Last year (just before I joined the fold) the Scienceblogs gang teamed up with a company called DonorsChoose to help out teachers with good ideas about how to make science education better.

DonorsChoose is a website that lets teachers post proposals for funding, and lets potential donors search through those projects for ideas that seem to match their own sense of what's needed.

This year, we're doing the Blogger Challenge again. If you click through the little thermometer link in the sidebar, or this link right here, you can pick one of the projects I've chosen and help fund any of the great ideas those teachers have selected. A few lucky donors will be randomly selected by our Seed overlords to get special prizes, and various groups are watching the results and matching certain sorts of donations.

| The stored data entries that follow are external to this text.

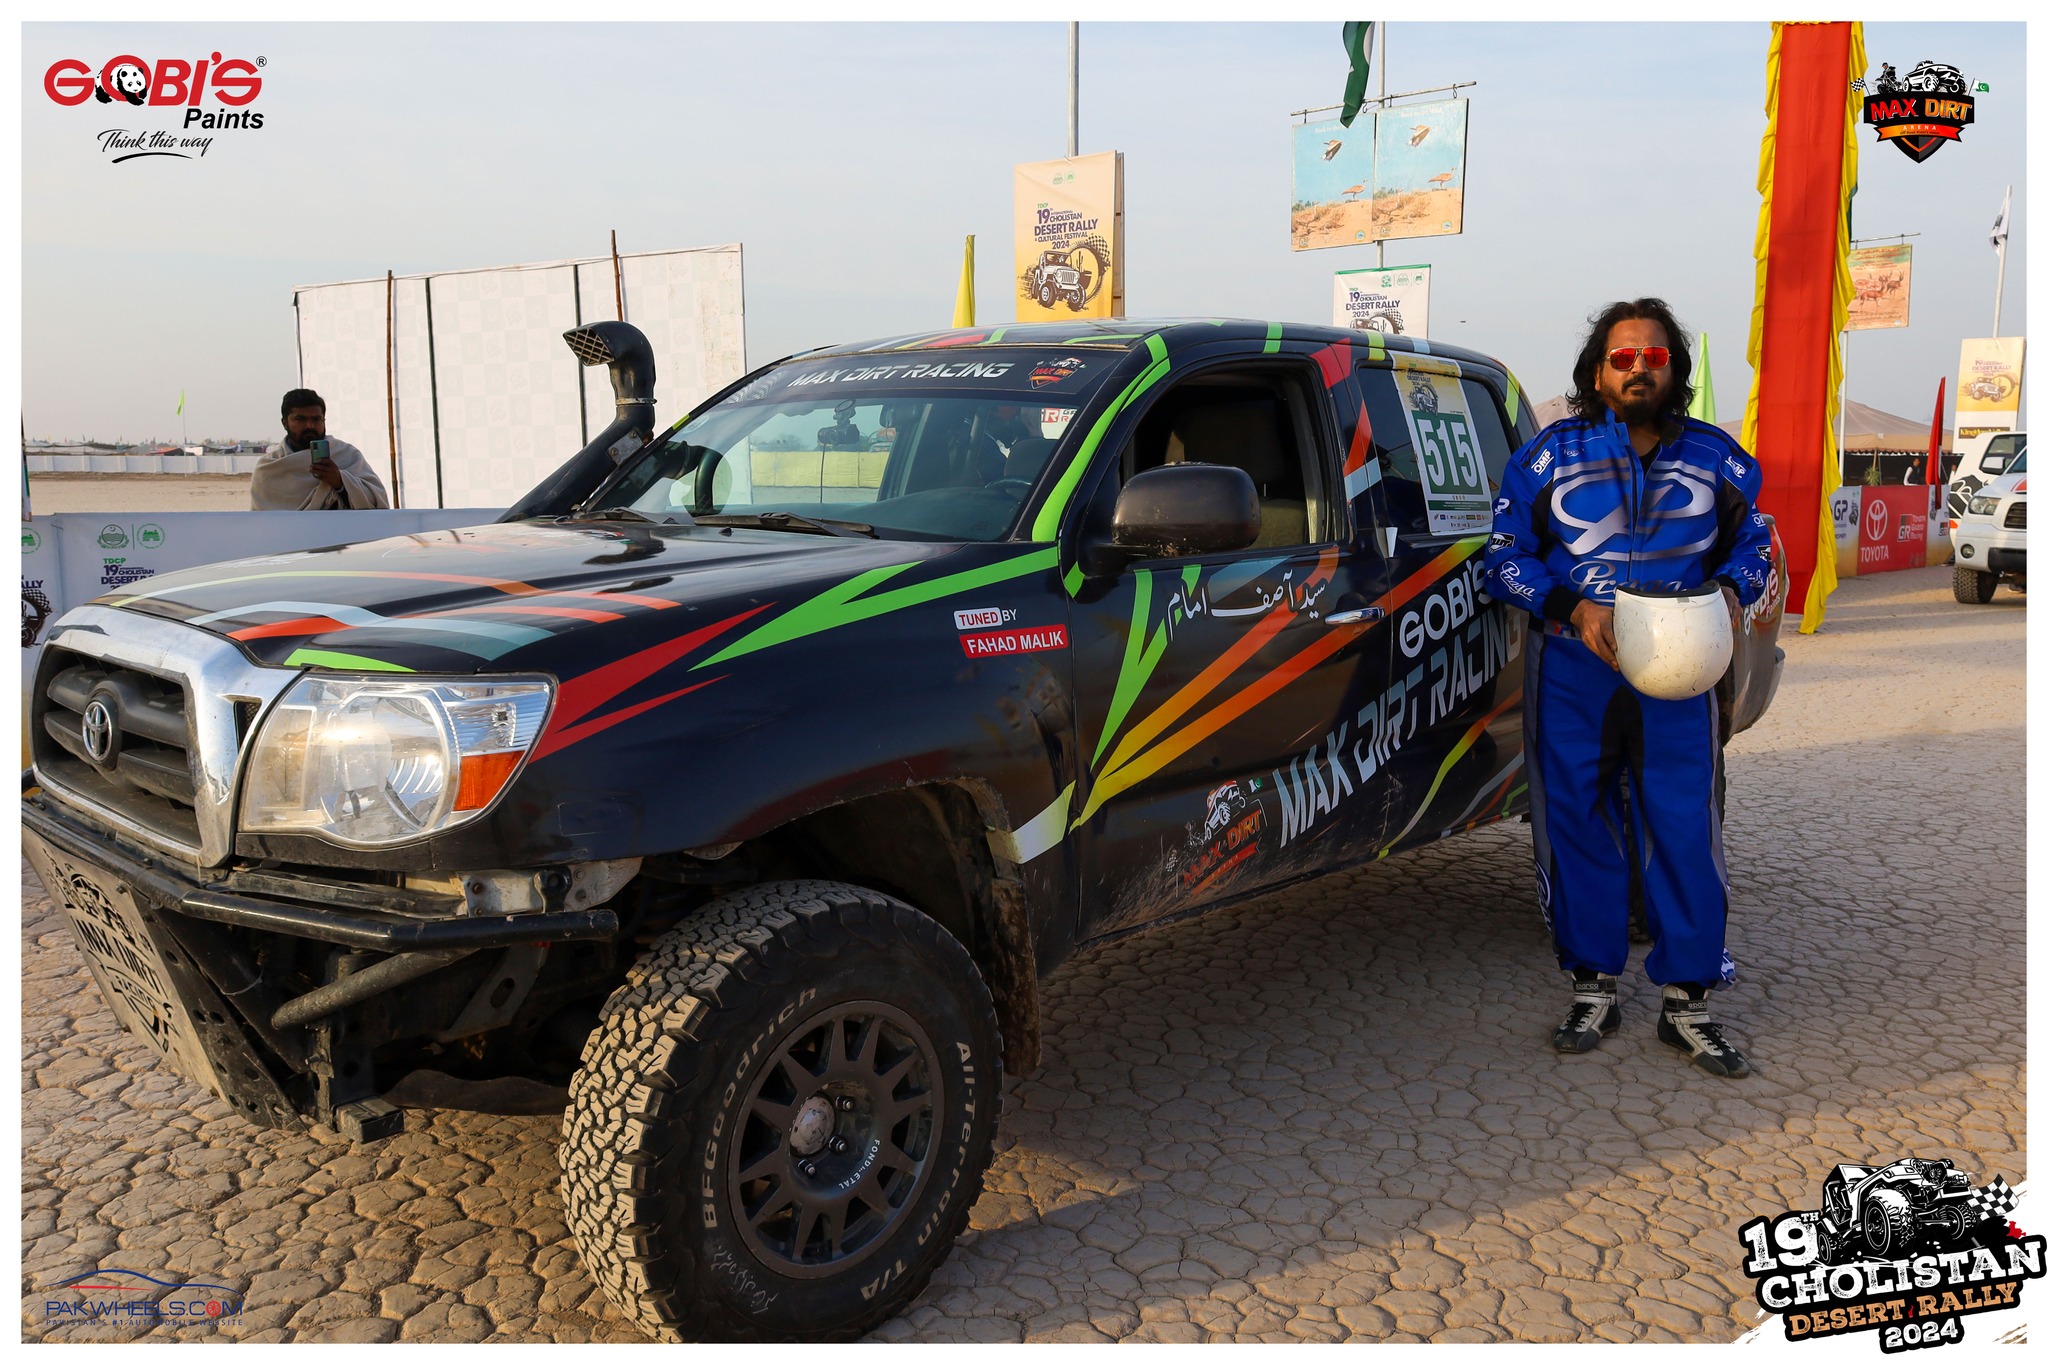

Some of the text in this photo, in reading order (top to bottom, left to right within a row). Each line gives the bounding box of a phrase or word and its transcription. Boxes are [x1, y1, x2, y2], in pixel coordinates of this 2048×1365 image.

[1034, 219, 1099, 236] DESERT RALLY
[1050, 212, 1082, 222] CHOLISTAN
[1038, 234, 1063, 243] CULTURAL
[1064, 231, 1088, 240] FESTIVAL
[1052, 240, 1070, 250] 2024
[1346, 300, 1400, 310] DESERT RALLY
[787, 362, 1015, 387] MAX DIRT RACING
[1417, 418, 1479, 488] 515
[1533, 450, 1552, 474] OMP
[1834, 499, 1848, 521] GP
[1898, 525, 1911, 540] GR
[1861, 545, 1889, 562] TOYOTA
[101, 576, 139, 585] DESERT
[1500, 561, 1536, 597] Praga
[959, 609, 1017, 626] TUNED BY
[967, 631, 1064, 654] FAHAD MALIK
[1272, 609, 1522, 849] MAX DIRT RACING
[1226, 809, 1262, 850] DIRT
[702, 987, 817, 1228] BFGoodrich
[860, 1042, 976, 1300] All-Terrain T/A
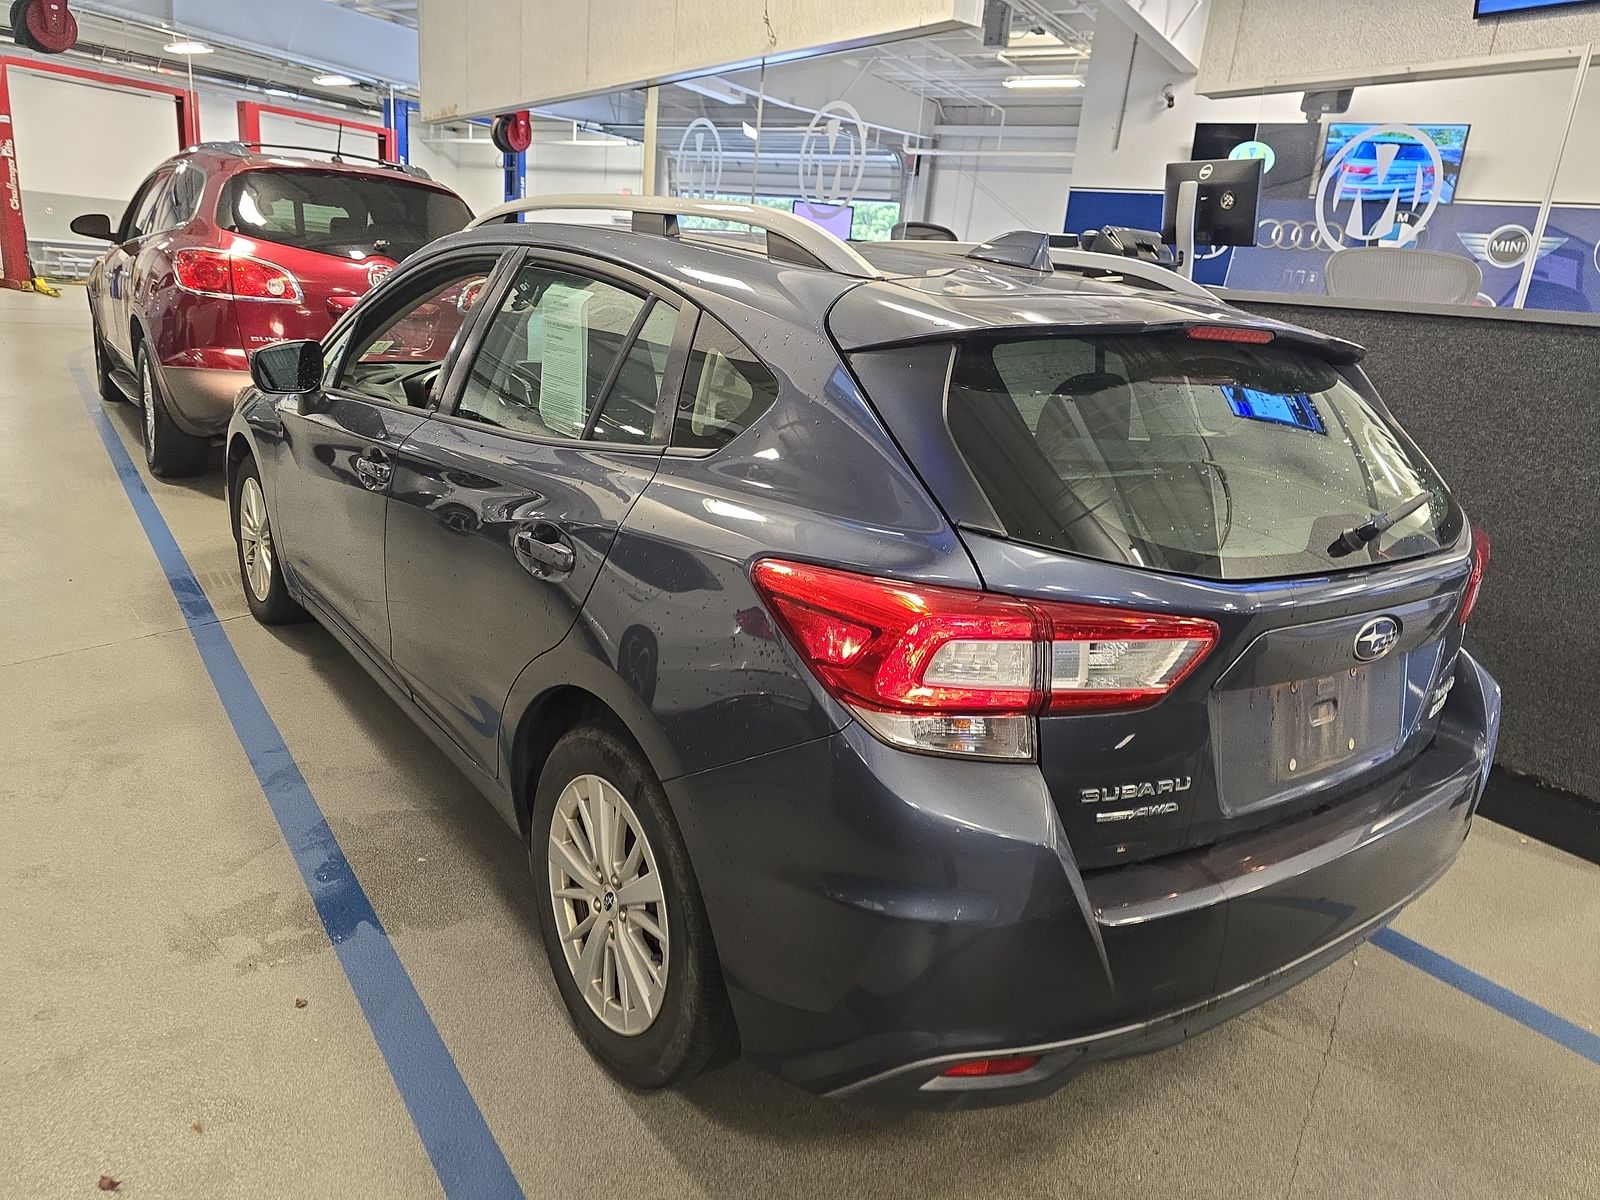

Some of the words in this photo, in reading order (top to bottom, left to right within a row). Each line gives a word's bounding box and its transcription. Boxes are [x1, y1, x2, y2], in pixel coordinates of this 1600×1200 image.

[1491, 240, 1526, 253] MINI
[1081, 776, 1192, 804] SUBARU
[1129, 802, 1179, 819] AWD

Picking the projects was no small task. There are teachers asking for money to buy chalk, or to buy paper pads to use instead of their broken blackboards. I could have filled a list with proposals like that, and not made much of a dent in the problem.

What I wound up selecting was much more modest. Three schools, all with high poverty rates. Three projects, each to do with getting kids out into nature. One teacher wants to bring plants and insects into the classroom to give students in Chicago a chance for some hands-on biology.

In LA, an inner-city science teacher wants to get students a chance to see insect larvae up close. They need to get ahold of larvae and microscopes so that the students can appreciate the beauty of bugs.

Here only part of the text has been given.